■ Exercise goal
Without the pictures, return each record as it appears.

Start of Block

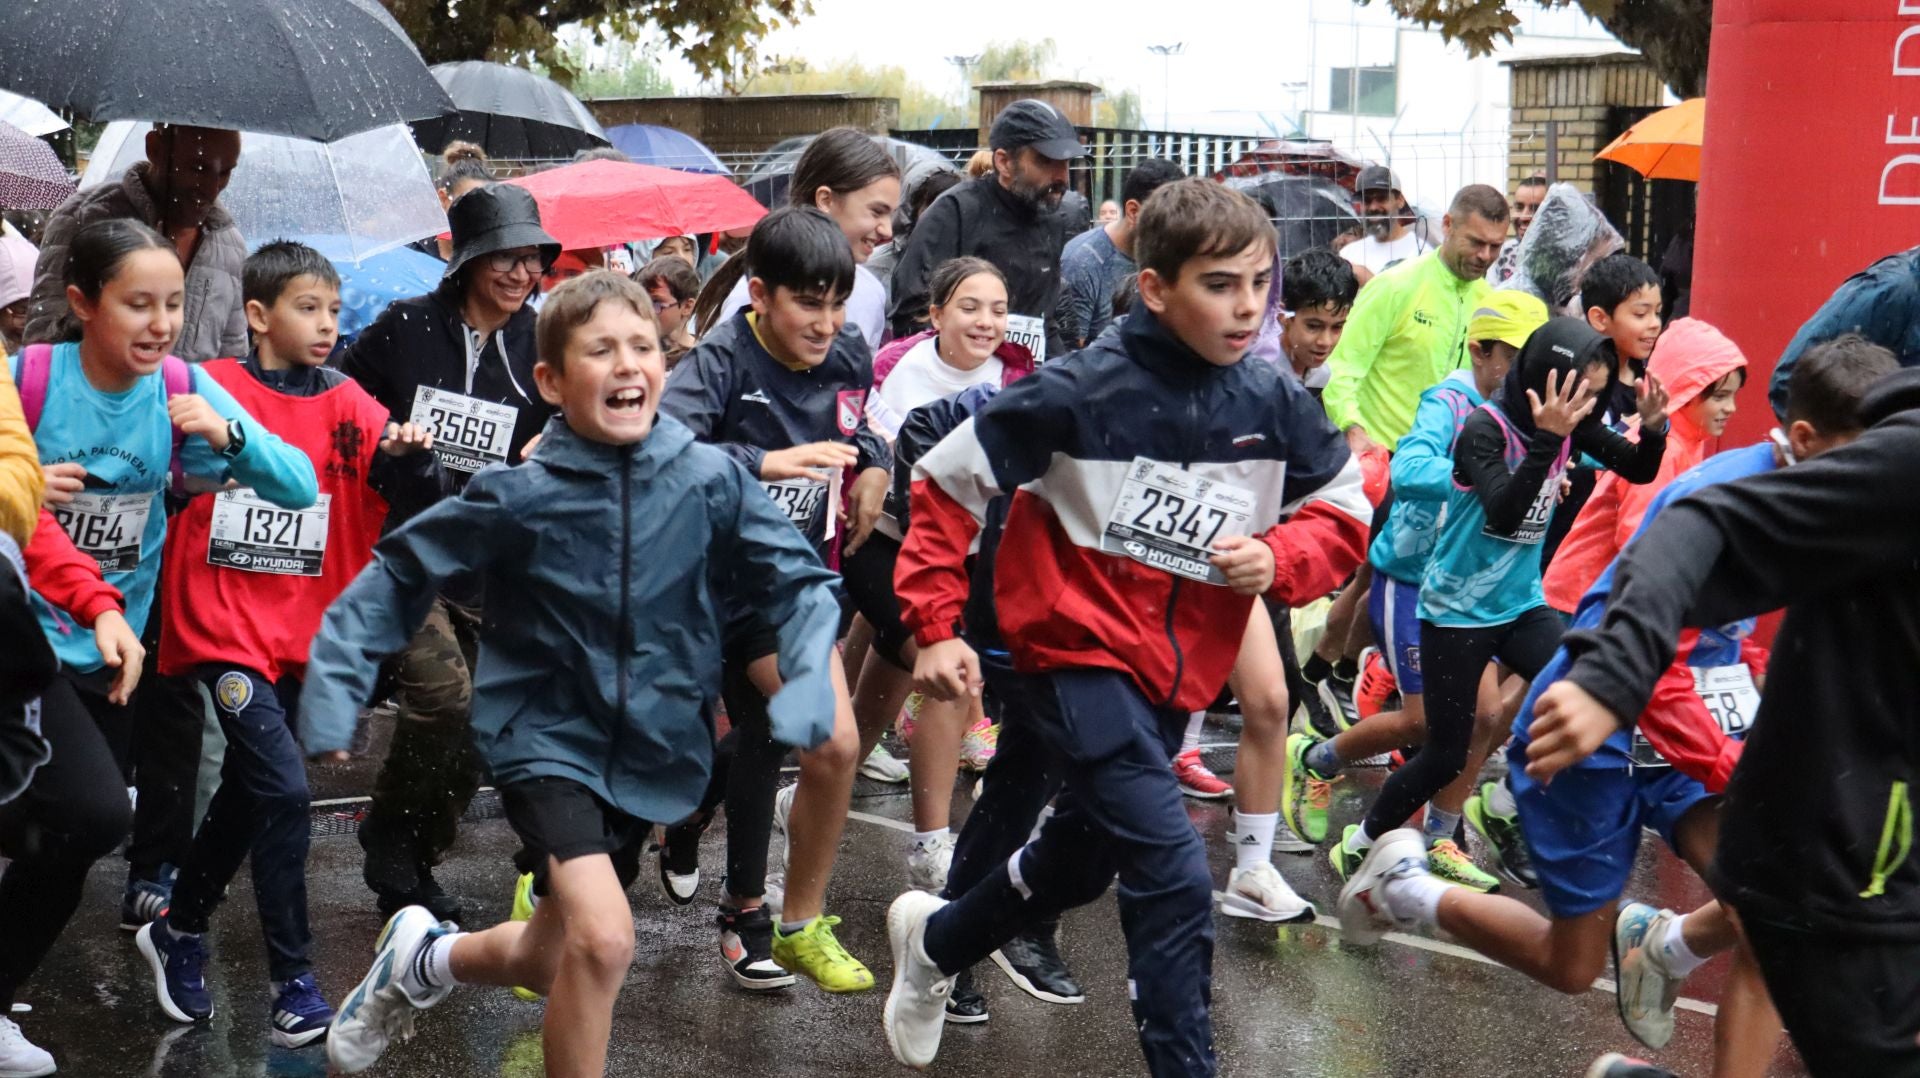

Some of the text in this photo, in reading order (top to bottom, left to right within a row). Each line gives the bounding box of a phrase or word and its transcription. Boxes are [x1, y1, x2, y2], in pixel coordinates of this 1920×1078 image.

[426, 407, 497, 451] 3569
[69, 449, 86, 460] LA
[91, 446, 148, 478] PALOMERA
[441, 452, 488, 469] HYUNDAI
[243, 507, 303, 547] 1321
[1132, 487, 1229, 549] 2347
[252, 556, 305, 570] HYUNDAI
[1146, 548, 1210, 576] HYUNDAI

End of Block

■ Answer for the task
Some of the text in this photo, in reading order (top to bottom, left to right within a row). Each line gives the bounding box of a phrase or word and its transcription. Boxes are [x1, y1, x2, y2], in pixel coordinates of this 1920×1078 image.

[426, 407, 497, 451] 3569
[69, 449, 86, 460] LA
[91, 446, 148, 478] PALOMERA
[441, 452, 488, 469] HYUNDAI
[243, 507, 303, 547] 1321
[1132, 487, 1229, 549] 2347
[252, 556, 305, 570] HYUNDAI
[1146, 548, 1210, 576] HYUNDAI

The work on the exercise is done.